# [YOUR ASSIGNMENT]
Transcribe, word for word, every record in the data below.

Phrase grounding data
--- START ---

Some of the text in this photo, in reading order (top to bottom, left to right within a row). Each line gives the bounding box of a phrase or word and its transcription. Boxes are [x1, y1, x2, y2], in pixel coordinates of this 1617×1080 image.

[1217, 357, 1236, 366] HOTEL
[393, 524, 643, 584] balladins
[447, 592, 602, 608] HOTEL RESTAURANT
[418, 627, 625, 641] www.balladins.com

--- END ---

# [RESULT OF THE TASK]
Some of the text in this photo, in reading order (top to bottom, left to right within a row). Each line gives the bounding box of a phrase or word and its transcription. Boxes are [x1, y1, x2, y2], in pixel coordinates of this 1617×1080 image.

[1217, 357, 1236, 366] HOTEL
[393, 524, 643, 584] balladins
[447, 592, 602, 608] HOTEL RESTAURANT
[418, 627, 625, 641] www.balladins.com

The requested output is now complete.